[Records from a data source]
-- Opening Marker --
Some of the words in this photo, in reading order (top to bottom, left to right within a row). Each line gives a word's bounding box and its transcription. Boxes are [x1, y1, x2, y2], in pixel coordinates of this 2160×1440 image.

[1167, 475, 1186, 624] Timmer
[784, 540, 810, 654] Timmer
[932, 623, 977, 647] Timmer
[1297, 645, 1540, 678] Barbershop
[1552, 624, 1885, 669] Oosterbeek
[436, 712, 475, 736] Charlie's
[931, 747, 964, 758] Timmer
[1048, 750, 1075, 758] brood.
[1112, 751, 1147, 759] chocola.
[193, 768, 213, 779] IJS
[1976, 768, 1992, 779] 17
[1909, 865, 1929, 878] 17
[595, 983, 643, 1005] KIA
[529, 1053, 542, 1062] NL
-- Closing Marker --
= TASK =
Could you write out the full data verbatim?

= EXPECTED ANSWER =
Some of the words in this photo, in reading order (top to bottom, left to right within a row). Each line gives a word's bounding box and its transcription. Boxes are [x1, y1, x2, y2], in pixel coordinates of this 2160×1440 image.

[1167, 475, 1186, 624] Timmer
[784, 540, 810, 654] Timmer
[932, 623, 977, 647] Timmer
[1297, 645, 1540, 678] Barbershop
[1552, 624, 1885, 669] Oosterbeek
[436, 712, 475, 736] Charlie's
[931, 747, 964, 758] Timmer
[1048, 750, 1075, 758] brood.
[1112, 751, 1147, 759] chocola.
[193, 768, 213, 779] IJS
[1976, 768, 1992, 779] 17
[1909, 865, 1929, 878] 17
[595, 983, 643, 1005] KIA
[529, 1053, 542, 1062] NL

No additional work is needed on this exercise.